TASK INSTRUCTIONS: Once the pictures are set aside, repeat all of the data below exactly.

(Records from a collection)
[Start of Attachment]

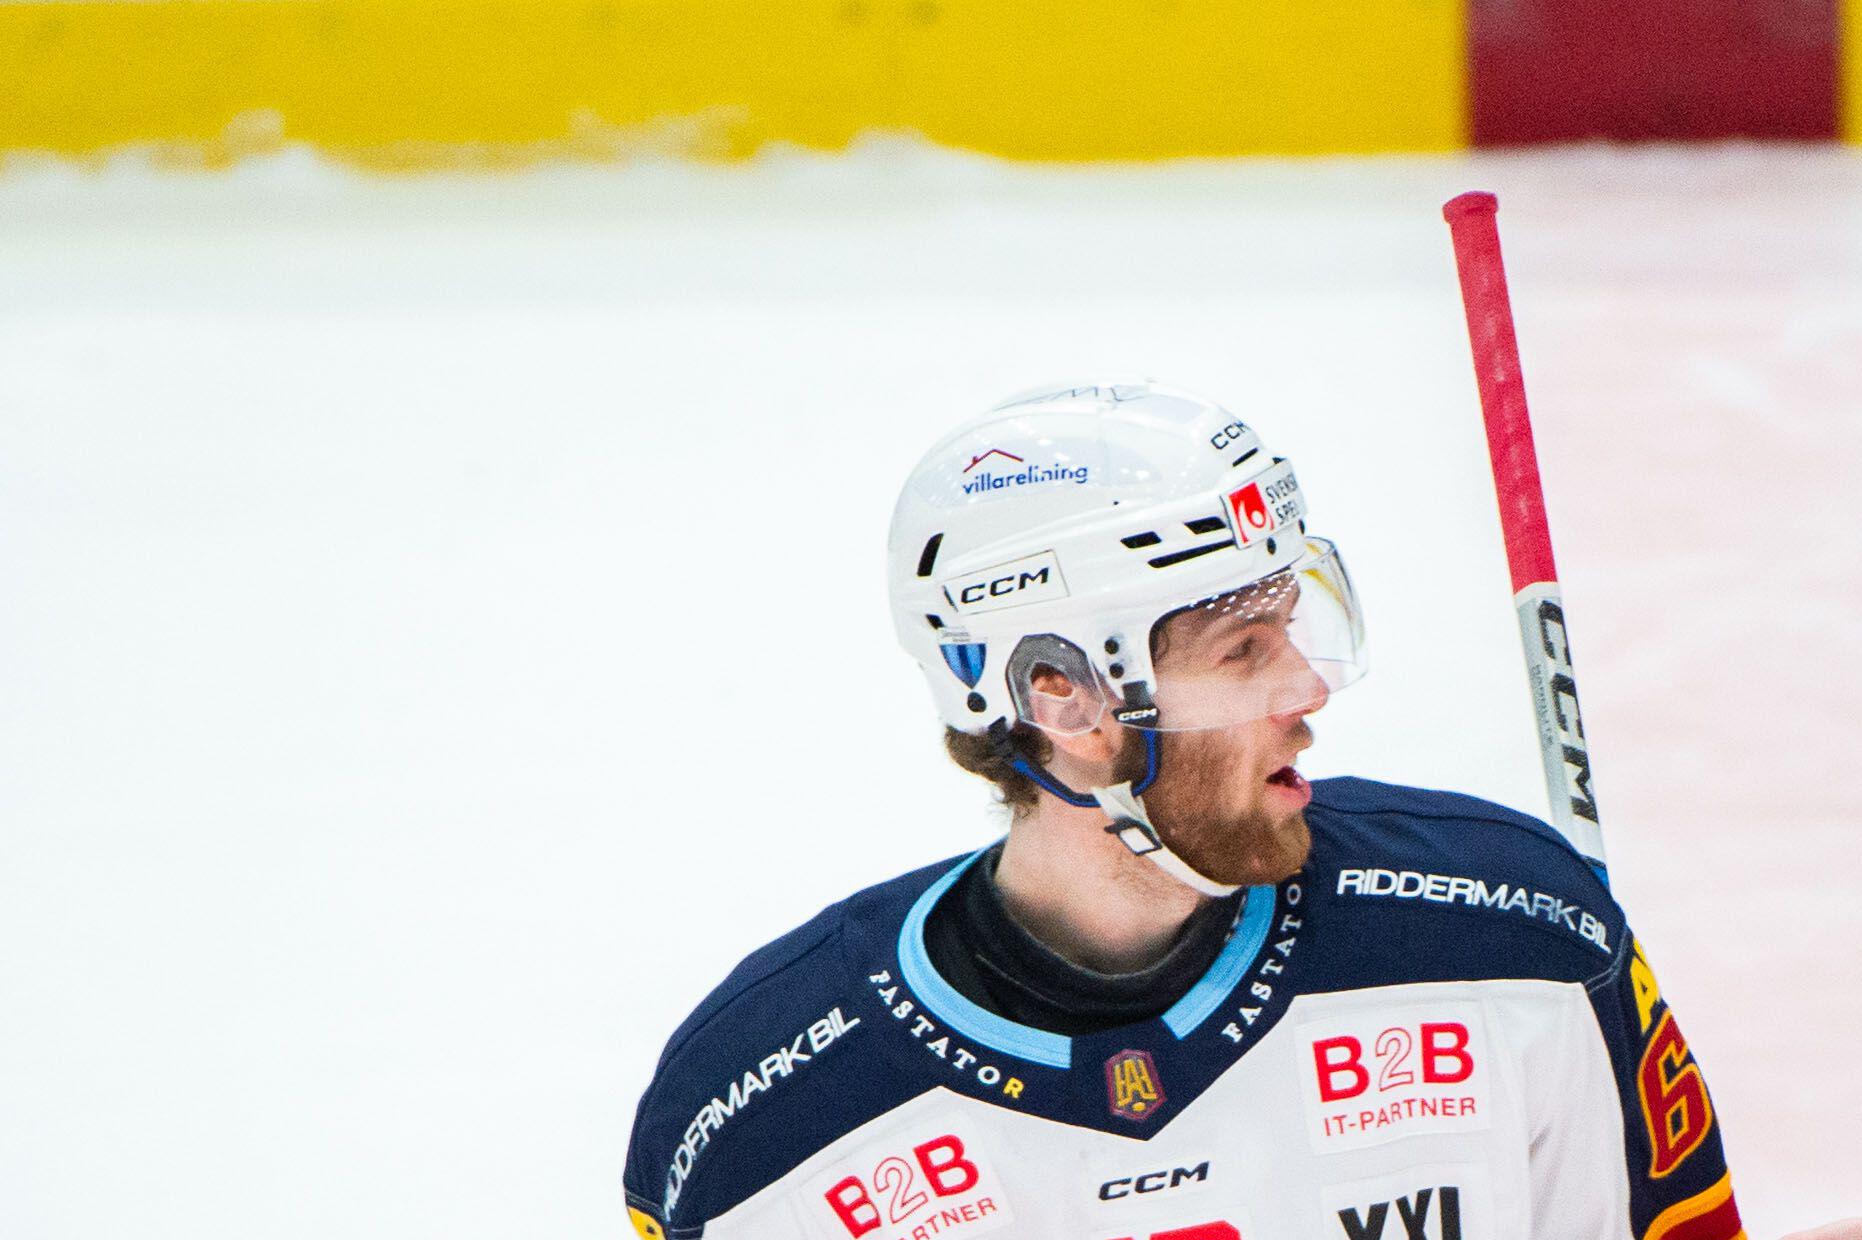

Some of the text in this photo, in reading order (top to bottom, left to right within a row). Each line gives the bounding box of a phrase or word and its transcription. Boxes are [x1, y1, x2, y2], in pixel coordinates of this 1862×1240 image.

[962, 464, 1089, 494] villarelining
[961, 566, 1050, 605] CCM
[1117, 708, 1158, 721] CCM
[1538, 599, 1600, 825] CCM
[1336, 868, 1612, 954] RIDDERMARK BIL
[1221, 883, 1302, 1043] FASTATO
[806, 1007, 861, 1053] BIL
[1310, 1021, 1476, 1104] B2B
[1323, 1096, 1477, 1137] IT-PARTNER
[824, 1133, 980, 1240] B2B
[1098, 1160, 1211, 1201] CCM
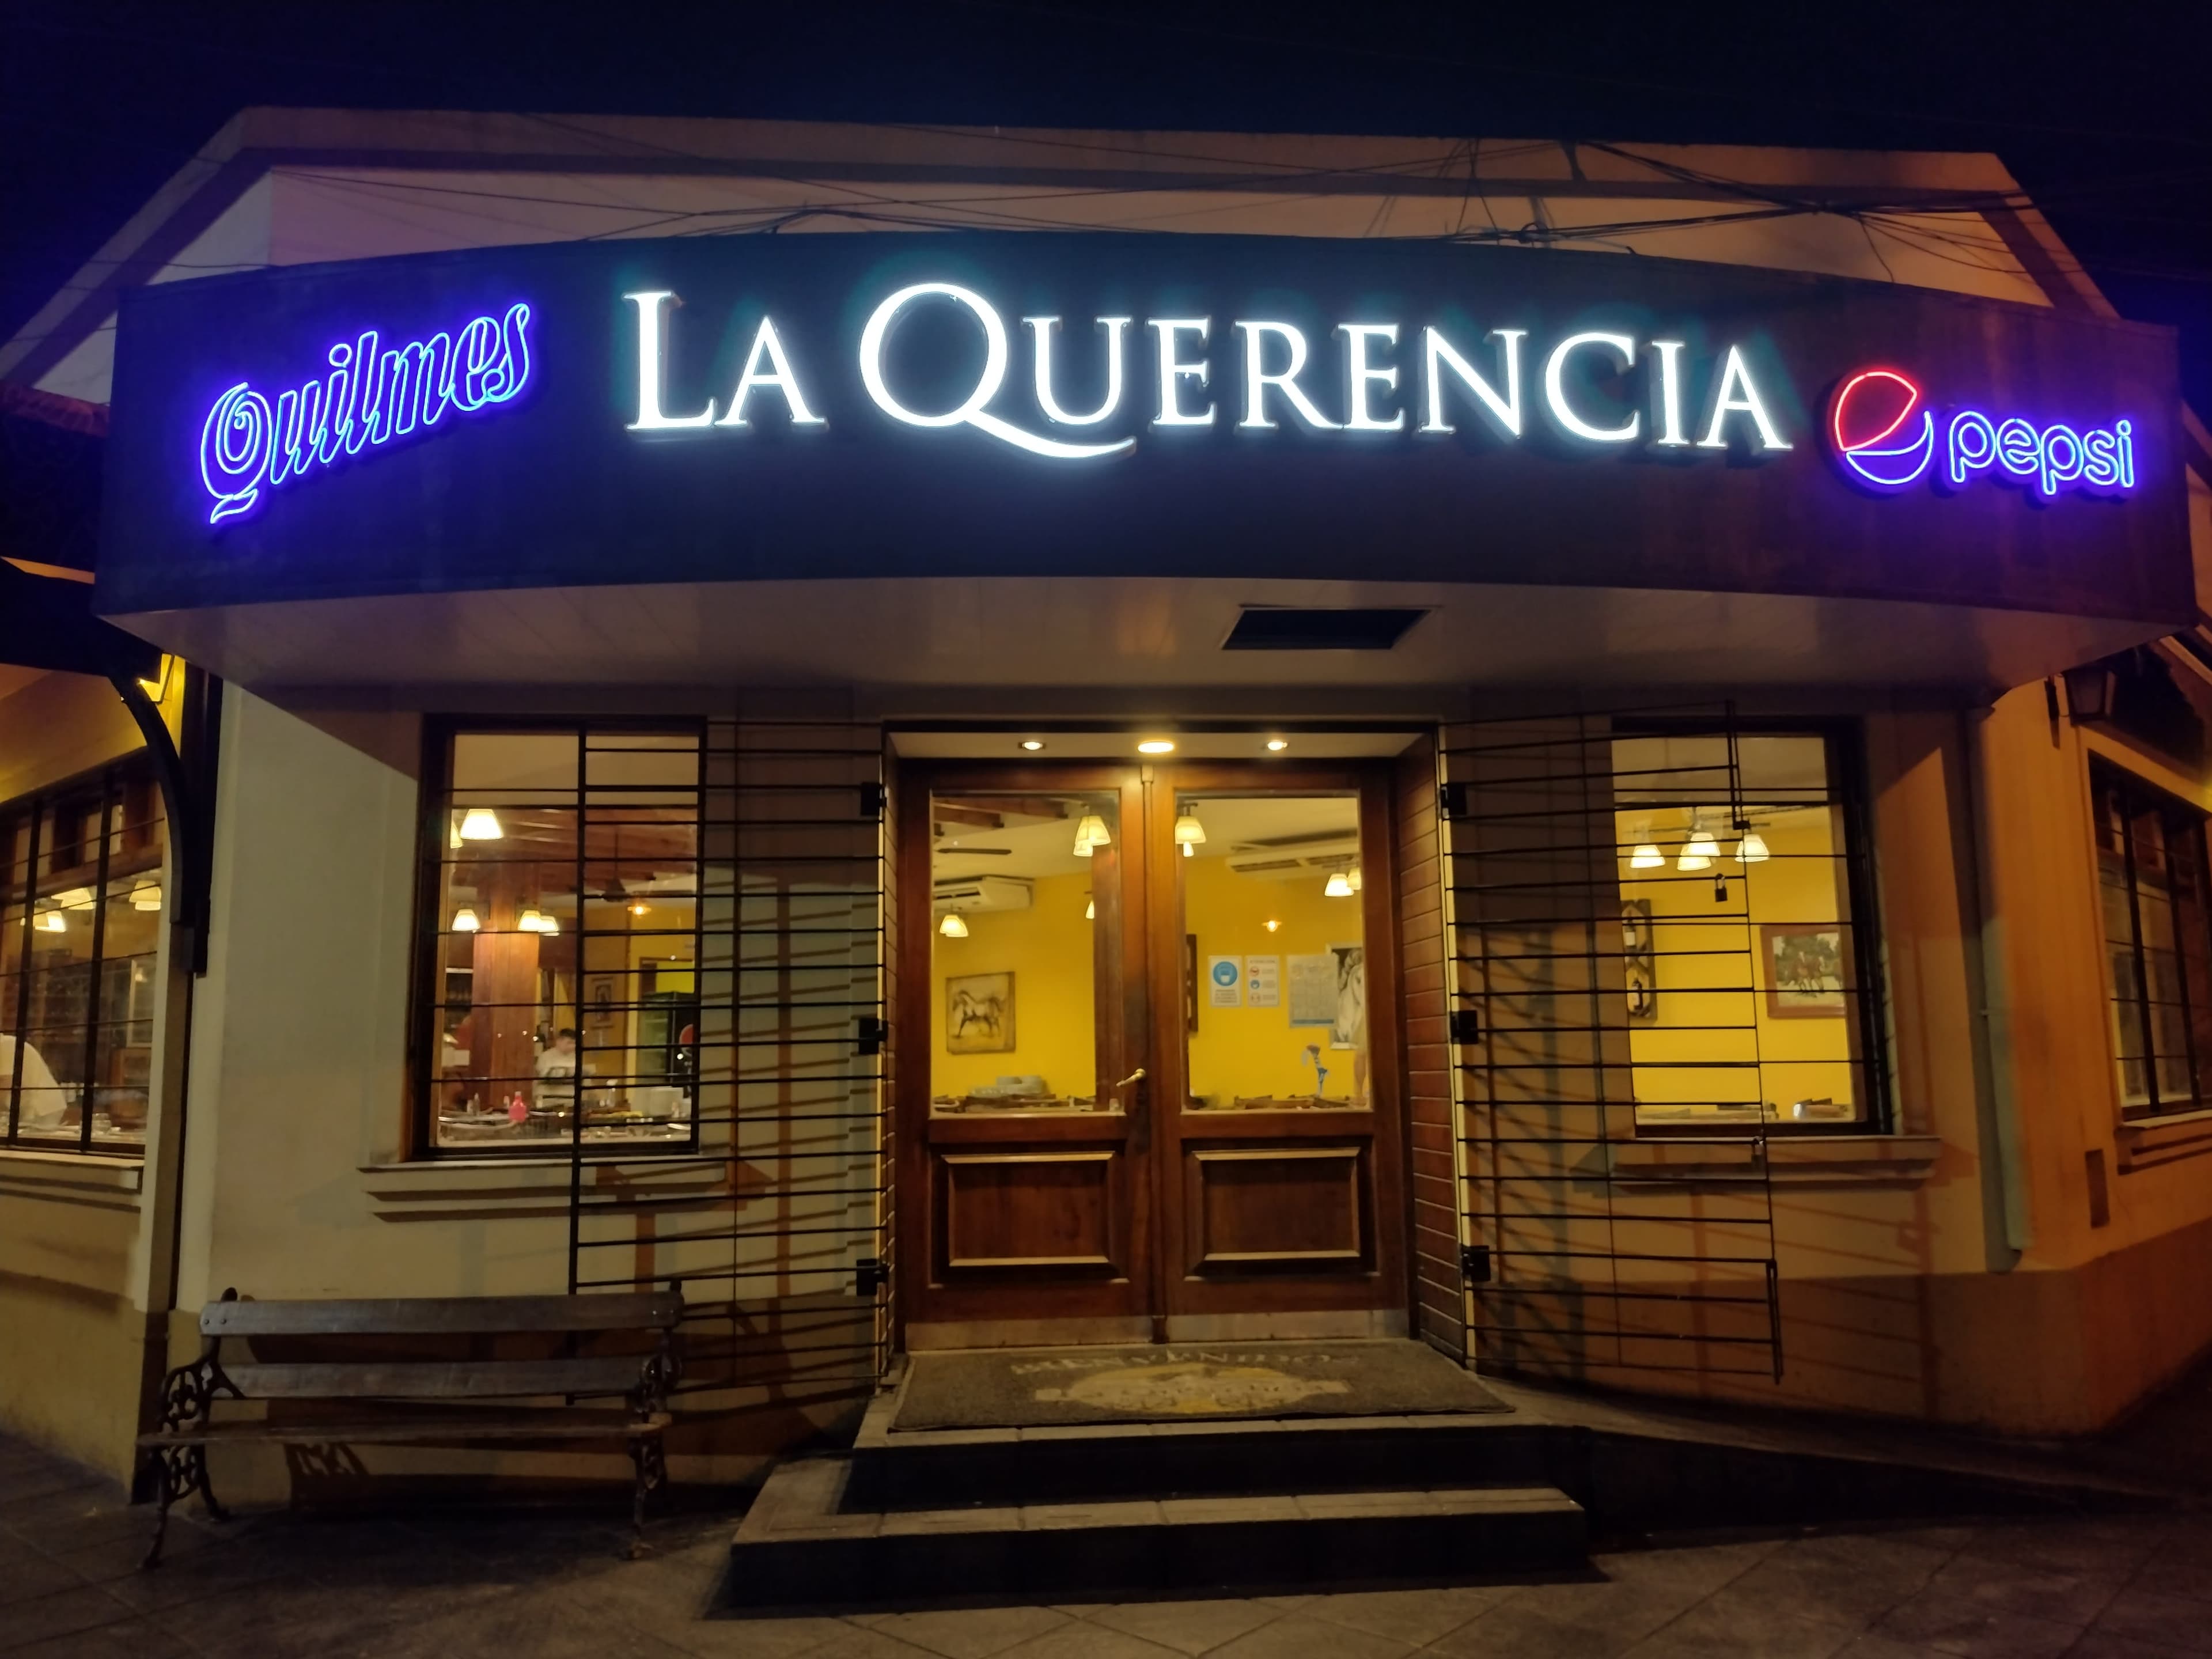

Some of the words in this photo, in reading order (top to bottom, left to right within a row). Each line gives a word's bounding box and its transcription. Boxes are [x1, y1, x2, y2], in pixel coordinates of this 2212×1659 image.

[End of Attachment]

SOLVED PROBLEM:
Some of the text in this photo, in reading order (top to bottom, left to right within a row). Each line gives the bounding box of a phrase or word and its transcription. Boxes are [x1, y1, x2, y2], in pixel coordinates of this 1862×1240 image.

[962, 464, 1089, 494] villarelining
[961, 566, 1050, 605] CCM
[1117, 708, 1158, 721] CCM
[1538, 599, 1600, 825] CCM
[1336, 868, 1612, 954] RIDDERMARK BIL
[1221, 883, 1302, 1043] FASTATO
[806, 1007, 861, 1053] BIL
[1310, 1021, 1476, 1104] B2B
[1323, 1096, 1477, 1137] IT-PARTNER
[824, 1133, 980, 1240] B2B
[1098, 1160, 1211, 1201] CCM

Some of the words in this photo, in reading order (top to bottom, left to right within a row). Each line gives a word's bounding box and its transcription. Boxes are [x1, y1, x2, y2], in pixel coordinates of this 2212×1659 image.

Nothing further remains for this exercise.